** Opening Extracted data block **

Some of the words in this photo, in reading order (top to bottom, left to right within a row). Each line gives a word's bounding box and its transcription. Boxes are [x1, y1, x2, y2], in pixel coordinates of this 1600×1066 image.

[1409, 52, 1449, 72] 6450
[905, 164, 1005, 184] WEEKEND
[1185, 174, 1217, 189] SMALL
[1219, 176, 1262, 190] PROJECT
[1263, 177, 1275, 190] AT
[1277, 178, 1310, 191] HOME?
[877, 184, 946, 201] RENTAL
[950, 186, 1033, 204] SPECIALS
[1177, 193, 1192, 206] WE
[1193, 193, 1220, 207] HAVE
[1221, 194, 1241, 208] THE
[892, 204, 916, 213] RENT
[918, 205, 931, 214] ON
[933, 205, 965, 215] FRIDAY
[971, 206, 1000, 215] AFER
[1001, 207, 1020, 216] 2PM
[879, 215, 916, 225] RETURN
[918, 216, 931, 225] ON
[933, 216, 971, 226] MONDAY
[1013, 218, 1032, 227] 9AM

** Closing Extracted data block **

**Aim of the task:** An exact reproduction of all the records is required.

**Exercise output:**
Some of the words in this photo, in reading order (top to bottom, left to right within a row). Each line gives a word's bounding box and its transcription. Boxes are [x1, y1, x2, y2], in pixel coordinates of this 1600×1066 image.

[1409, 52, 1449, 72] 6450
[905, 164, 1005, 184] WEEKEND
[1185, 174, 1217, 189] SMALL
[1219, 176, 1262, 190] PROJECT
[1263, 177, 1275, 190] AT
[1277, 178, 1310, 191] HOME?
[877, 184, 946, 201] RENTAL
[950, 186, 1033, 204] SPECIALS
[1177, 193, 1192, 206] WE
[1193, 193, 1220, 207] HAVE
[1221, 194, 1241, 208] THE
[892, 204, 916, 213] RENT
[918, 205, 931, 214] ON
[933, 205, 965, 215] FRIDAY
[971, 206, 1000, 215] AFER
[1001, 207, 1020, 216] 2PM
[879, 215, 916, 225] RETURN
[918, 216, 931, 225] ON
[933, 216, 971, 226] MONDAY
[1013, 218, 1032, 227] 9AM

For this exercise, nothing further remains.